Top of Exercise material

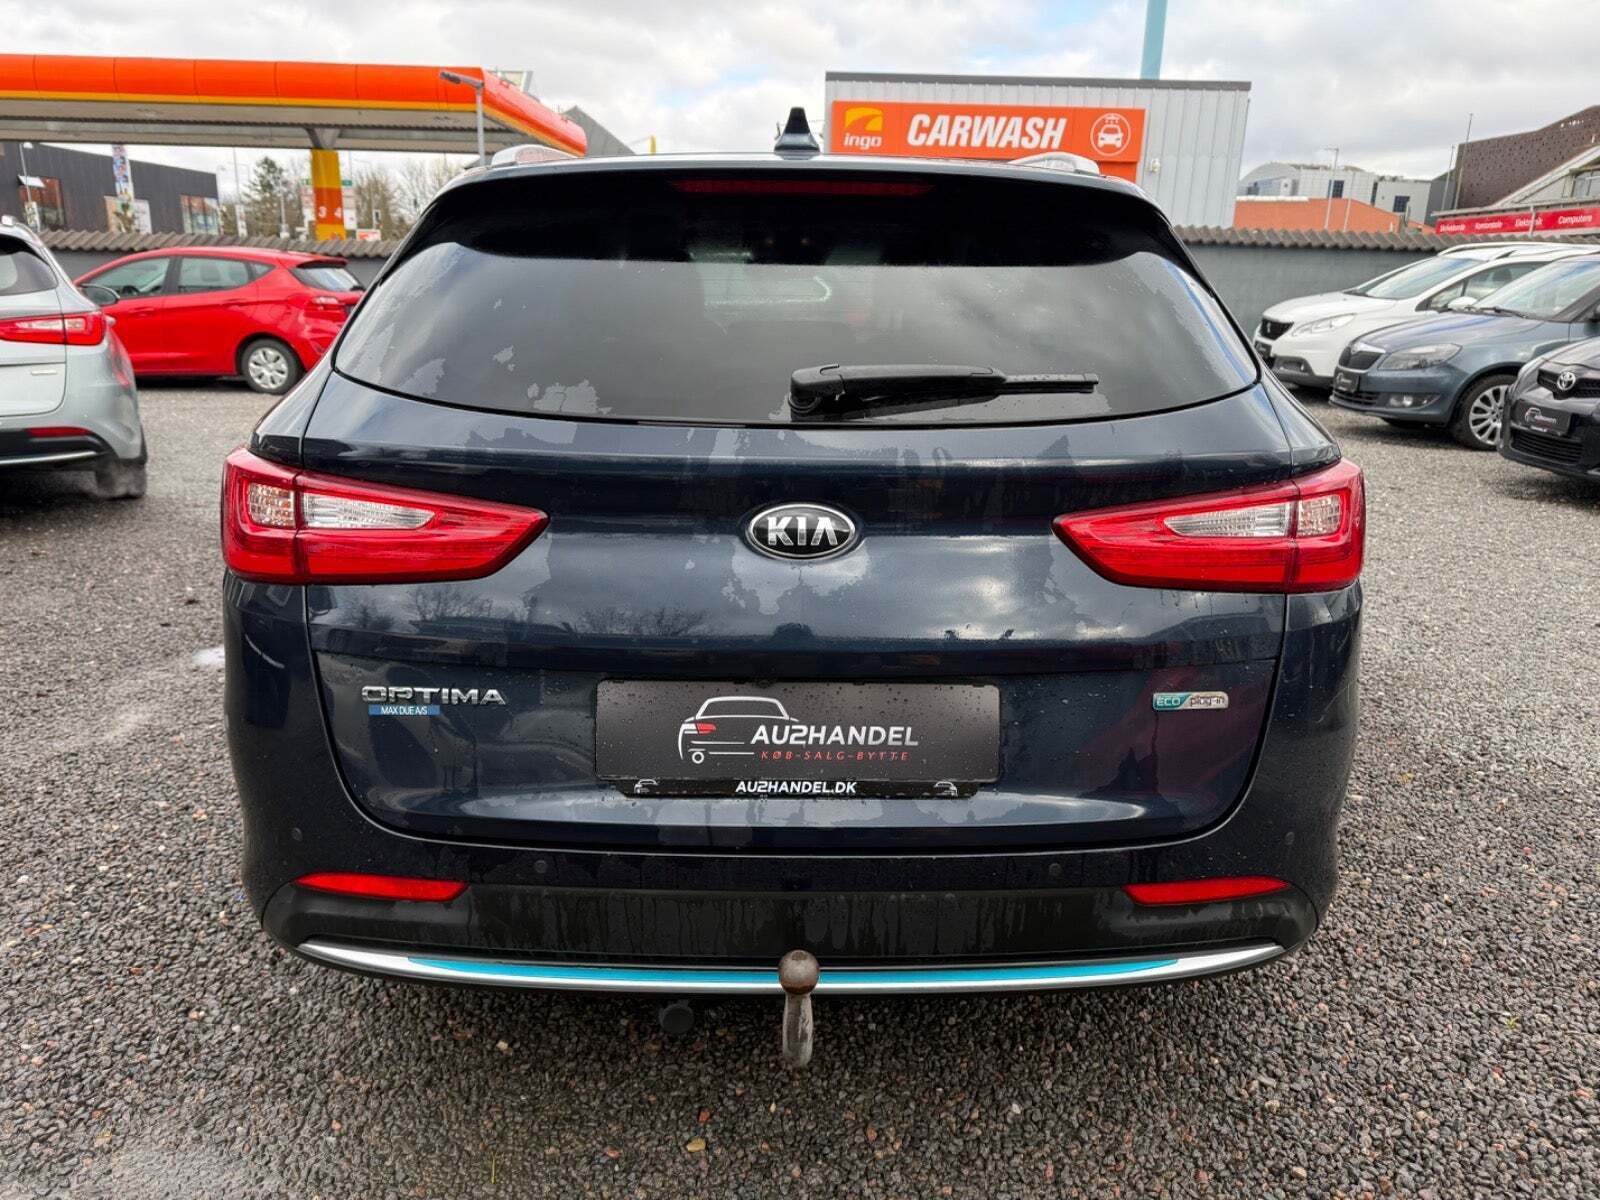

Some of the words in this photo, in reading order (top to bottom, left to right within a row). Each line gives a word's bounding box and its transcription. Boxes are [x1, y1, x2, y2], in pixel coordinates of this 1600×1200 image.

[907, 114, 1067, 149] CARWASH
[844, 132, 882, 150] ingo
[318, 206, 327, 219] 3
[766, 516, 838, 546] KIA
[361, 685, 506, 705] OPTIMA
[1156, 696, 1180, 706] ECO
[1190, 695, 1225, 707] plug-in
[381, 705, 399, 715] MAX
[400, 705, 415, 715] DUE
[415, 705, 428, 715] A/S
[751, 725, 919, 746] AU2HANDEL
[735, 780, 858, 794] AU2HANDEL.DK
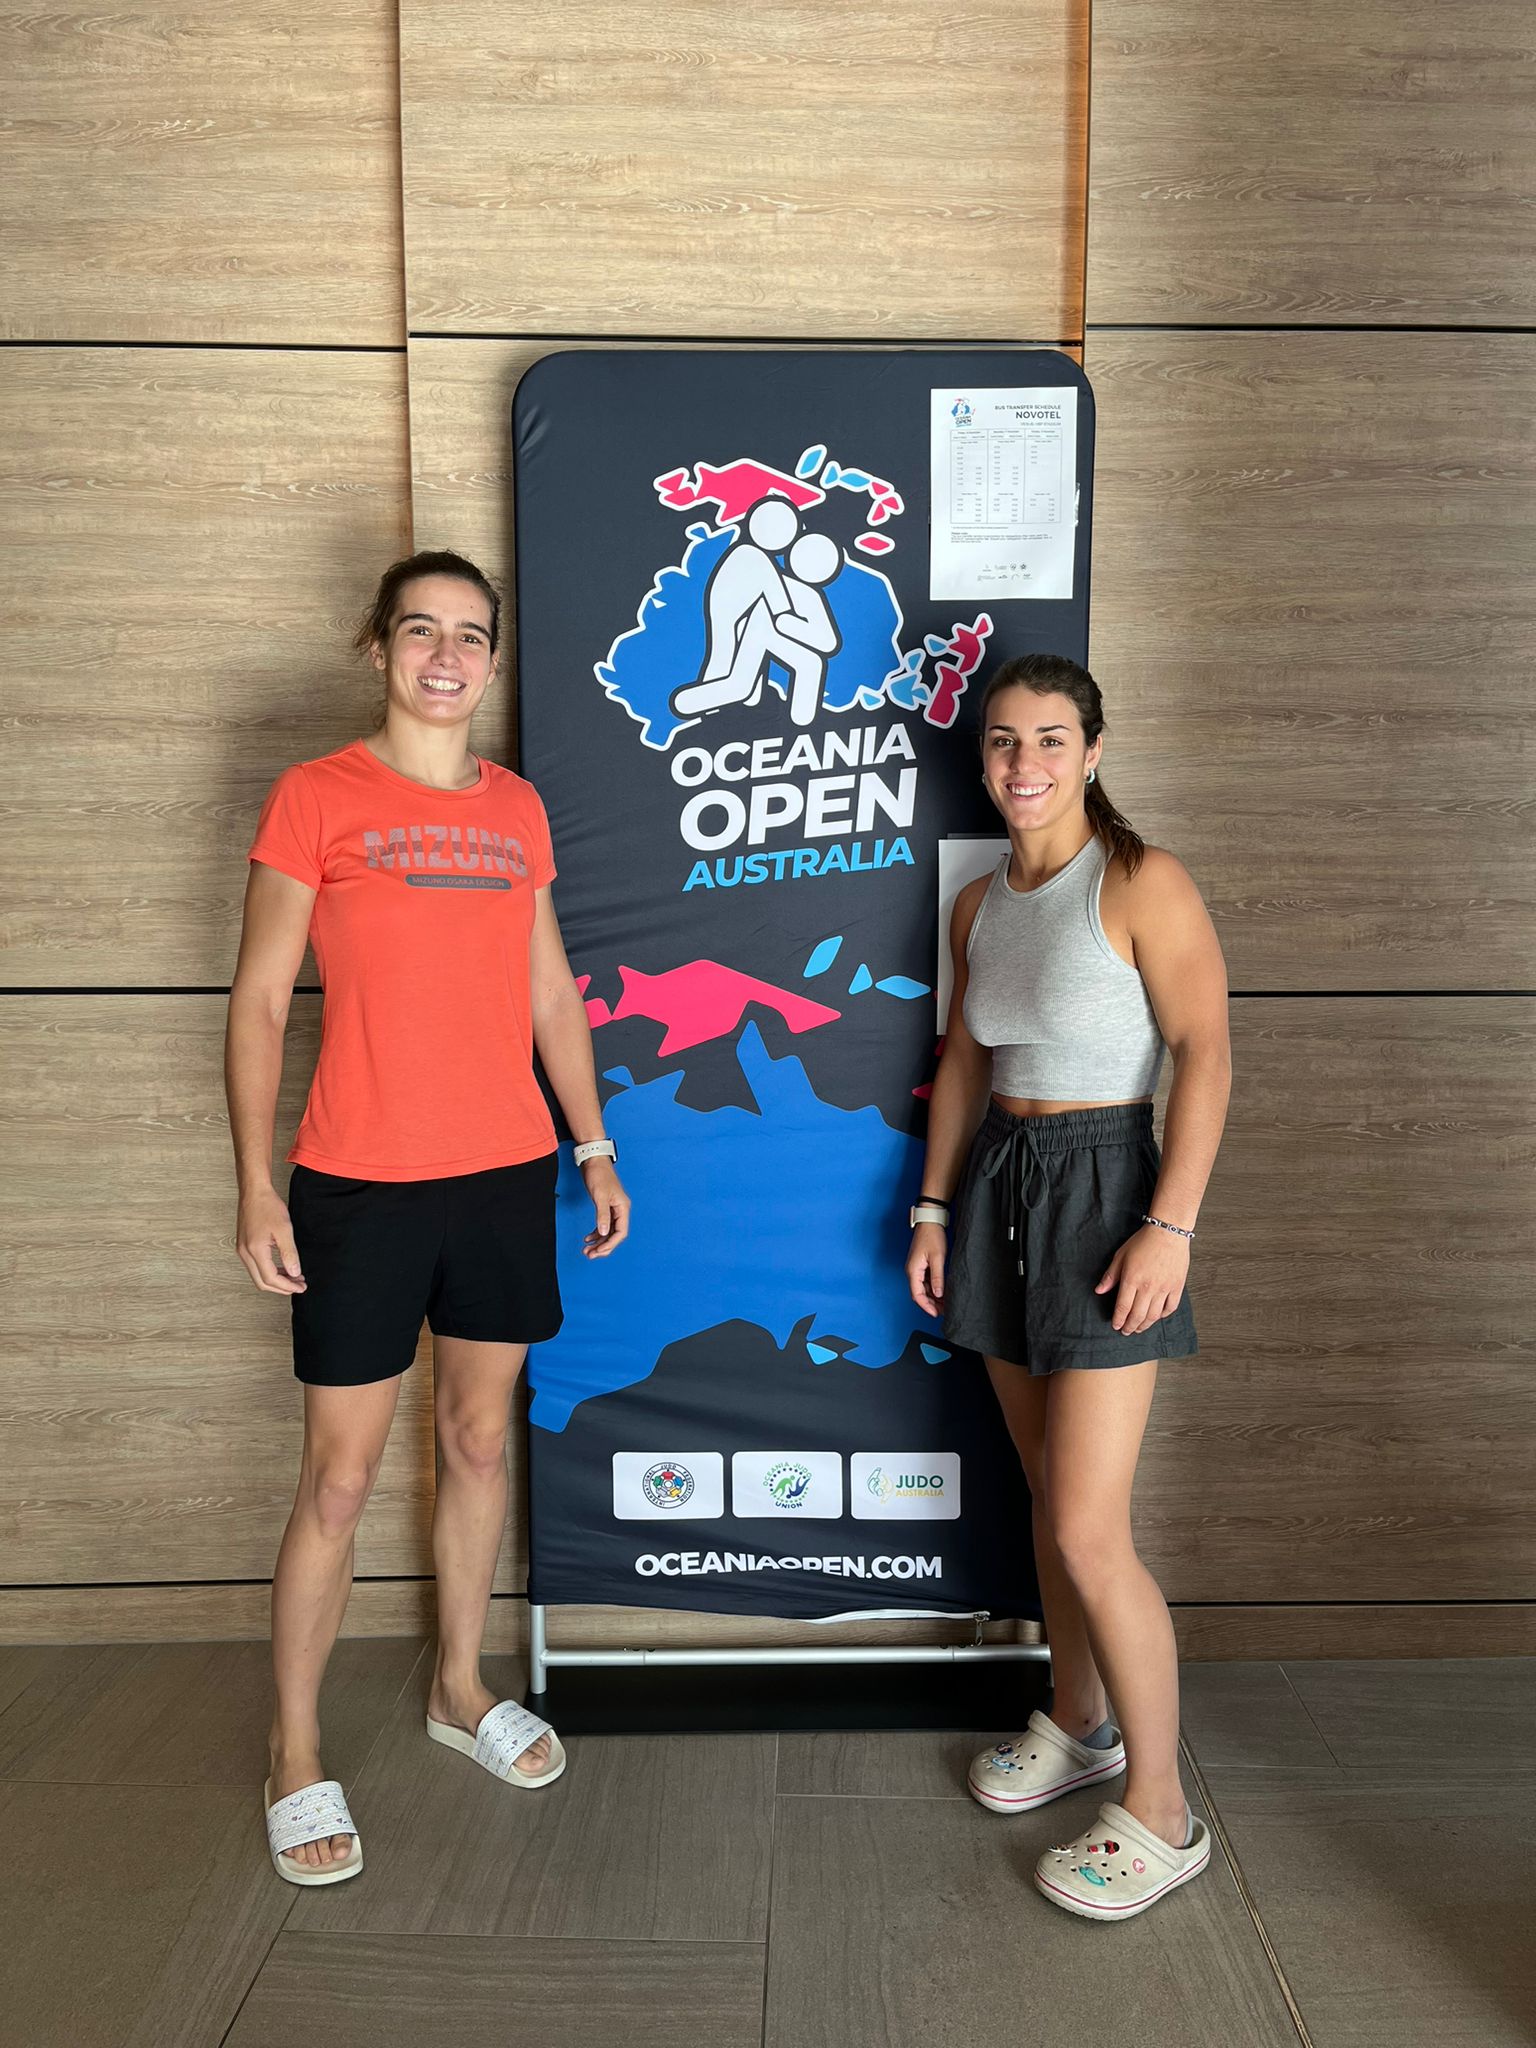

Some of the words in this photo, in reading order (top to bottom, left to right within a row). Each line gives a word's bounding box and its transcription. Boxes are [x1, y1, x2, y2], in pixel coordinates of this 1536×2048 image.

[1015, 411, 1061, 419] NOVOTEL
[670, 722, 917, 787] OCEANIA
[679, 767, 918, 852] OPEN
[363, 825, 528, 877] MIZUNO
[682, 836, 915, 892] AUSTRALIA
[413, 877, 446, 885] MIZUNO
[475, 878, 505, 887] DESIGN
[762, 1461, 790, 1487] OCEANIA
[793, 1463, 812, 1478] JUDO
[895, 1474, 944, 1489] JUDO
[775, 1500, 803, 1509] UNION
[895, 1489, 945, 1497] AUSTRALIA
[634, 1551, 942, 1580] OCEANIAOPEN.COM
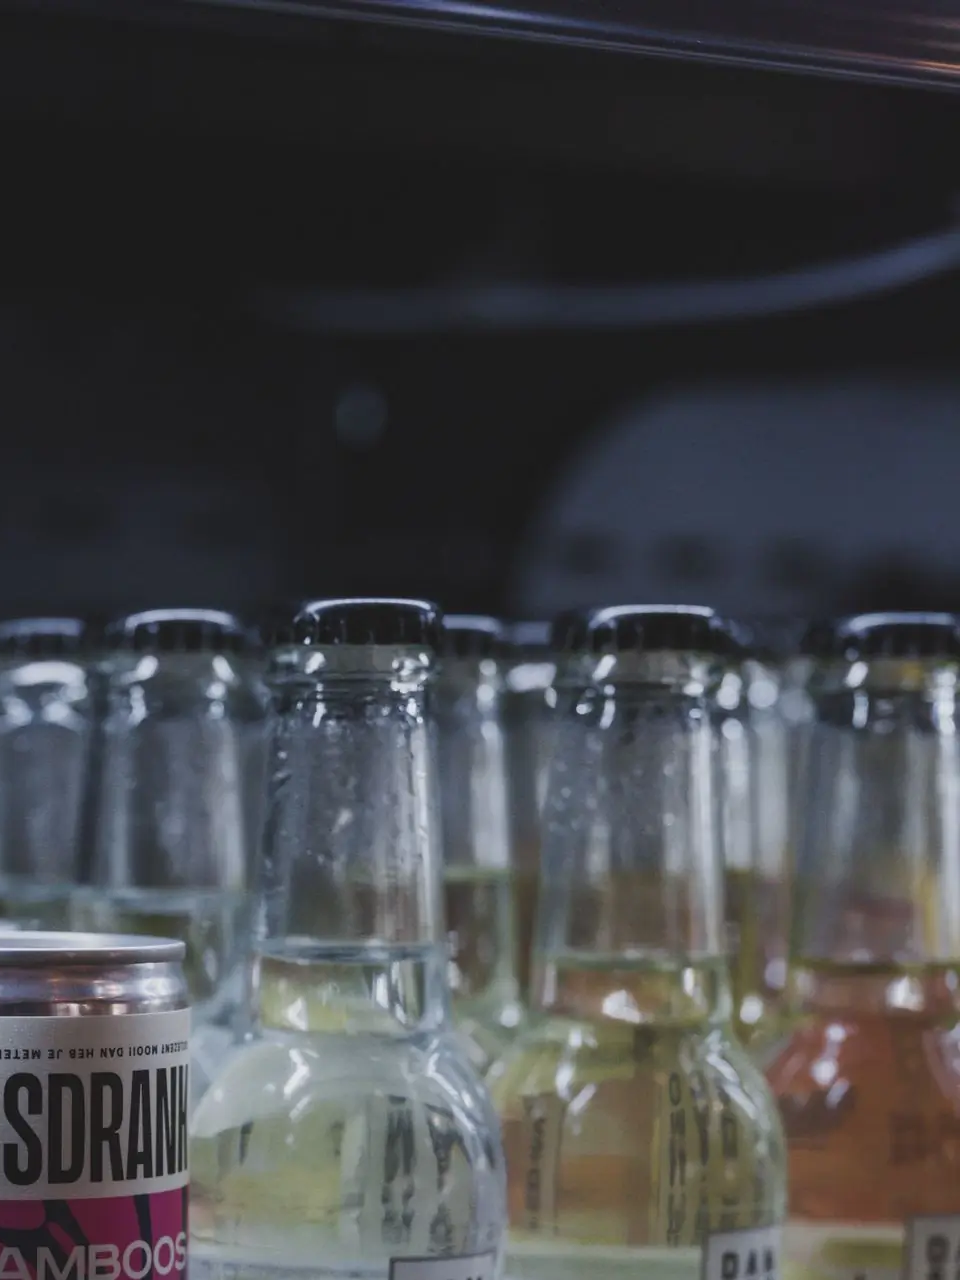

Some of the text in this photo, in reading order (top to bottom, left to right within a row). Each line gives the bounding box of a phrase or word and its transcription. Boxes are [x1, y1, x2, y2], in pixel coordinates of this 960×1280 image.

Bottom of Exercise material

**Description of the task:** Your reply must hold only the lines from the line containing "this 1536×2048 image." through the end of the records above, written out exactly, both ends included, with no pictures, please.

**Exercise answer:**
Some of the words in this photo, in reading order (top to bottom, left to right within a row). Each line gives a word's bounding box and its transcription. Boxes are [x1, y1, x2, y2], in pixel coordinates of this 1536×2048 image.

[1015, 411, 1061, 419] NOVOTEL
[670, 722, 917, 787] OCEANIA
[679, 767, 918, 852] OPEN
[363, 825, 528, 877] MIZUNO
[682, 836, 915, 892] AUSTRALIA
[413, 877, 446, 885] MIZUNO
[475, 878, 505, 887] DESIGN
[762, 1461, 790, 1487] OCEANIA
[793, 1463, 812, 1478] JUDO
[895, 1474, 944, 1489] JUDO
[775, 1500, 803, 1509] UNION
[895, 1489, 945, 1497] AUSTRALIA
[634, 1551, 942, 1580] OCEANIAOPEN.COM

Some of the text in this photo, in reading order (top to bottom, left to right within a row). Each line gives the bounding box of a phrase or word and its transcription. Boxes are [x1, y1, x2, y2], in pixel coordinates of this 960×1280 image.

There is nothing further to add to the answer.